The result should be all the records, exact and complete, without a single picture.

=====

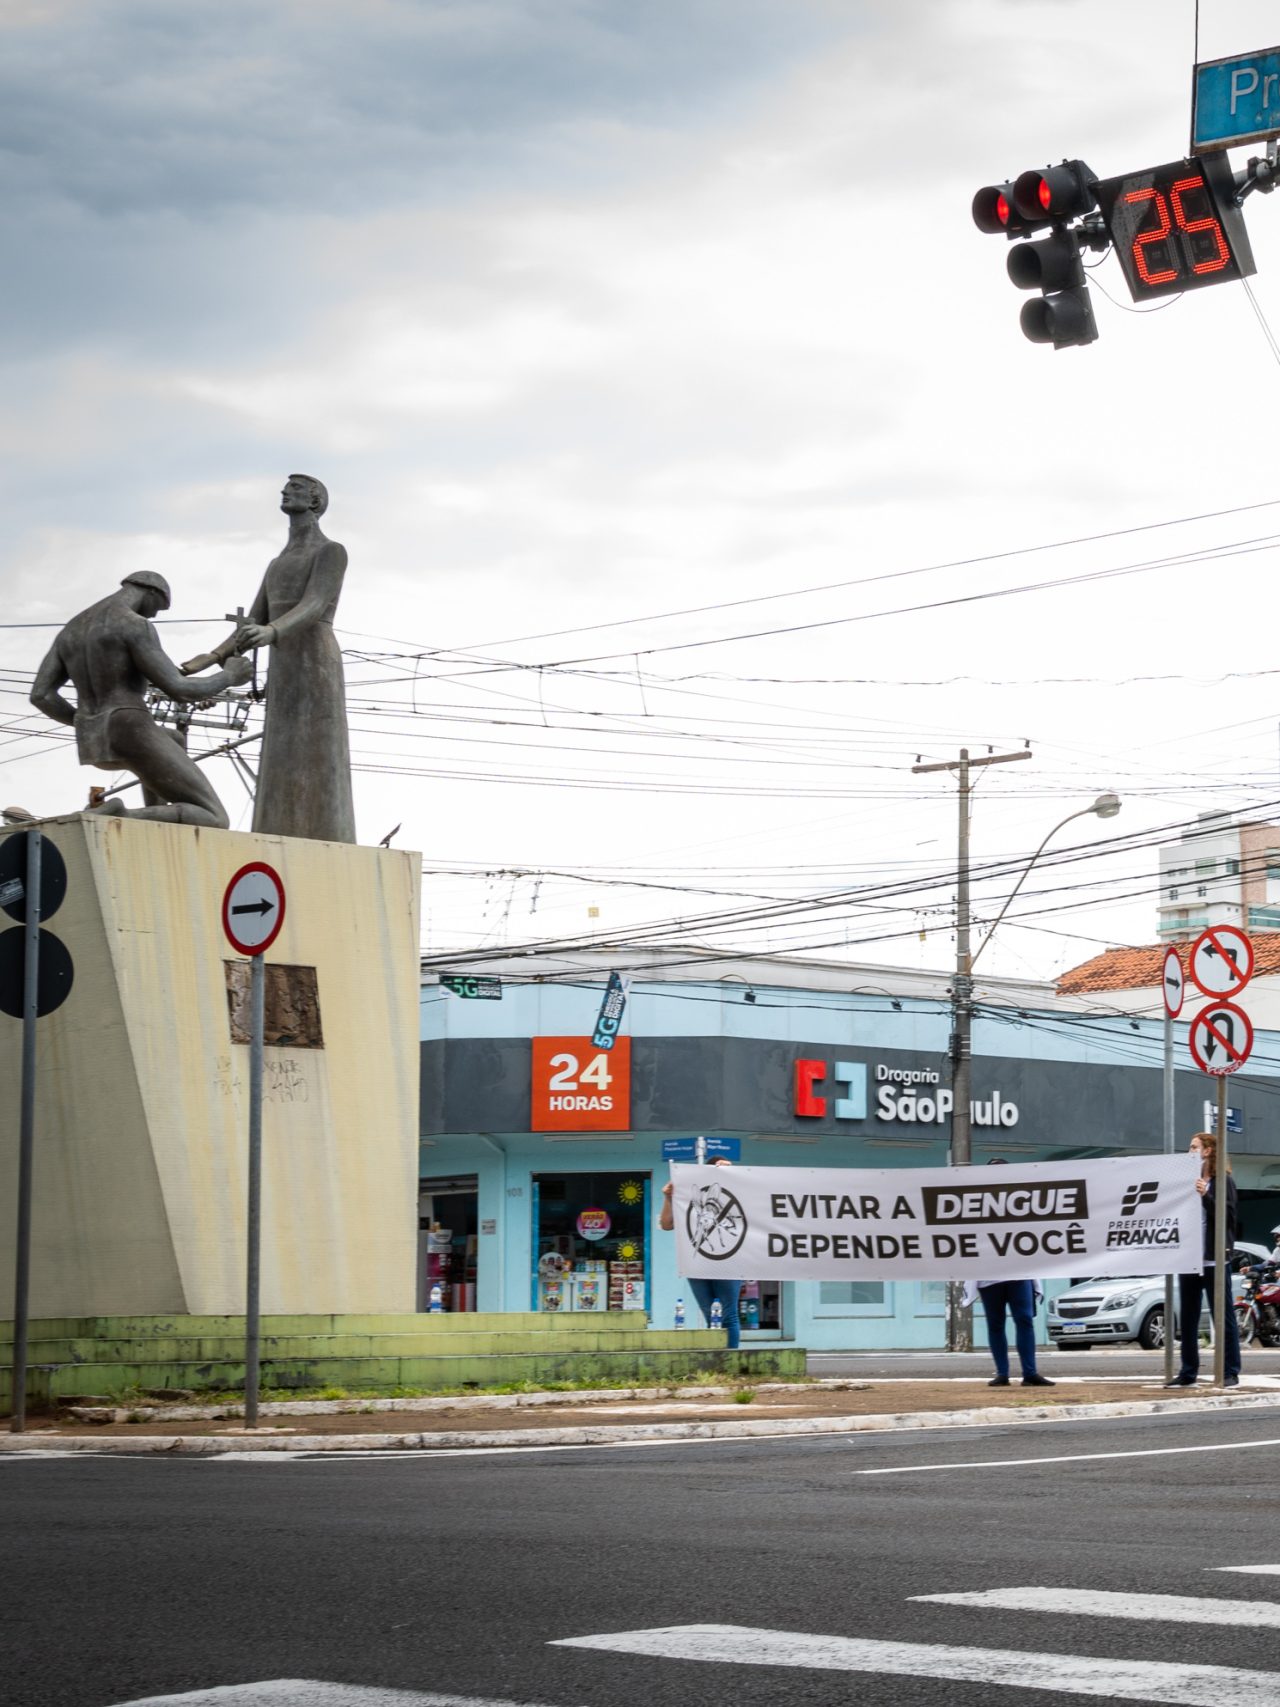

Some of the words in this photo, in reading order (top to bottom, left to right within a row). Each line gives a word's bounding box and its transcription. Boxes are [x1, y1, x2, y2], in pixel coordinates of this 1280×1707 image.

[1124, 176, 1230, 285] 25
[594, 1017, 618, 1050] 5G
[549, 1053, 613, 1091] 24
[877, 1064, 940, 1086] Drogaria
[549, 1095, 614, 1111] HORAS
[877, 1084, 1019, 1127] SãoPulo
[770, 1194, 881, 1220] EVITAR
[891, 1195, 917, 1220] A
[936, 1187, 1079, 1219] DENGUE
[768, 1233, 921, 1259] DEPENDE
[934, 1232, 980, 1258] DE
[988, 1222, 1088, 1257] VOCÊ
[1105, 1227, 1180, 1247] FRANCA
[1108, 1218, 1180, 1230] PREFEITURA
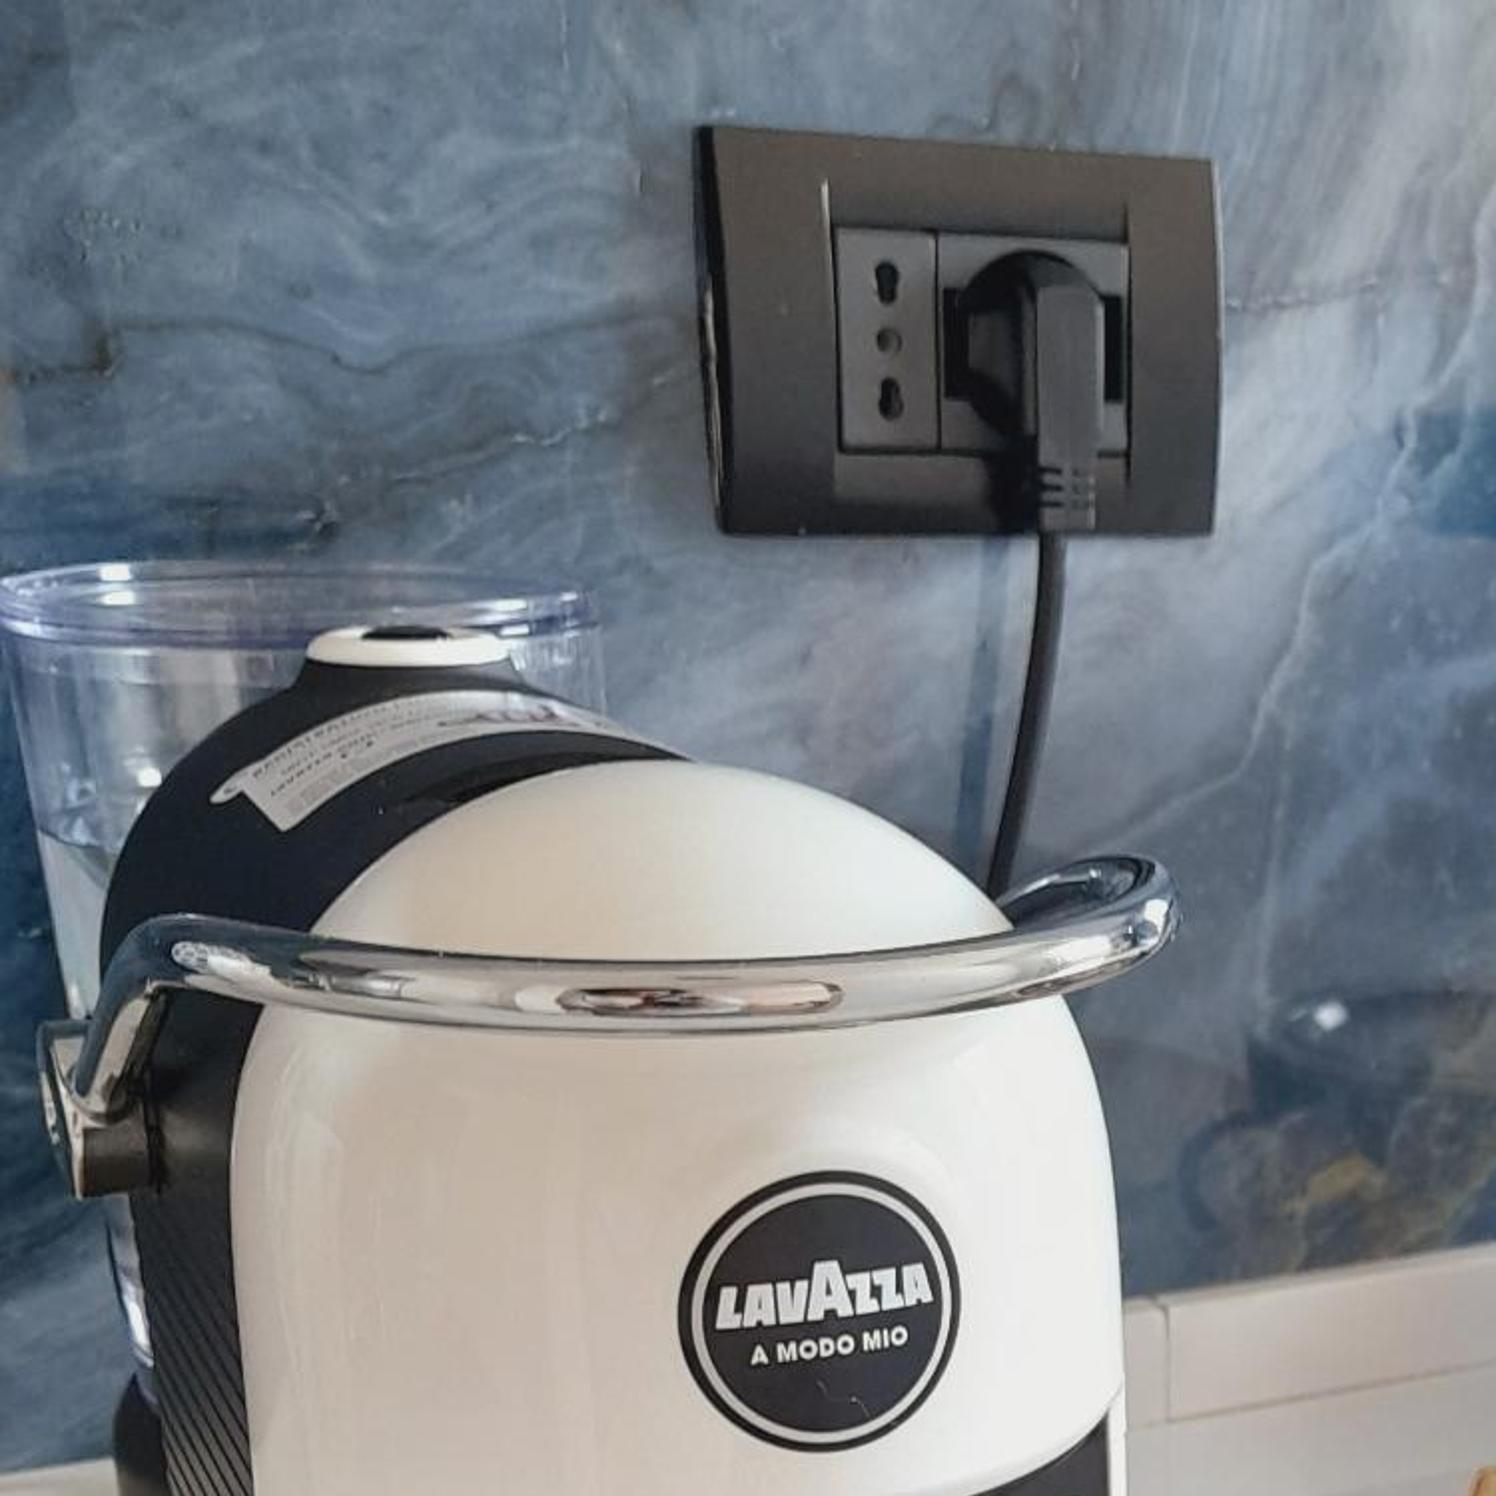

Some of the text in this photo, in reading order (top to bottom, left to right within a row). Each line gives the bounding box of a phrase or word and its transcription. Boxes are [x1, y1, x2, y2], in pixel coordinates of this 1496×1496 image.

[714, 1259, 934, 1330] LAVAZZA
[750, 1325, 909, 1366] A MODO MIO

=====

§ **ANSWER FOR THIS EXERCISE**:
Some of the words in this photo, in reading order (top to bottom, left to right within a row). Each line gives a word's bounding box and its transcription. Boxes are [x1, y1, x2, y2], in pixel coordinates of this 1280×1707 image.

[1124, 176, 1230, 285] 25
[594, 1017, 618, 1050] 5G
[549, 1053, 613, 1091] 24
[877, 1064, 940, 1086] Drogaria
[549, 1095, 614, 1111] HORAS
[877, 1084, 1019, 1127] SãoPulo
[770, 1194, 881, 1220] EVITAR
[891, 1195, 917, 1220] A
[936, 1187, 1079, 1219] DENGUE
[768, 1233, 921, 1259] DEPENDE
[934, 1232, 980, 1258] DE
[988, 1222, 1088, 1257] VOCÊ
[1105, 1227, 1180, 1247] FRANCA
[1108, 1218, 1180, 1230] PREFEITURA

Some of the text in this photo, in reading order (top to bottom, left to right within a row). Each line gives the bounding box of a phrase or word and its transcription. Boxes are [x1, y1, x2, y2], in pixel coordinates of this 1496×1496 image.

[714, 1259, 934, 1330] LAVAZZA
[750, 1325, 909, 1366] A MODO MIO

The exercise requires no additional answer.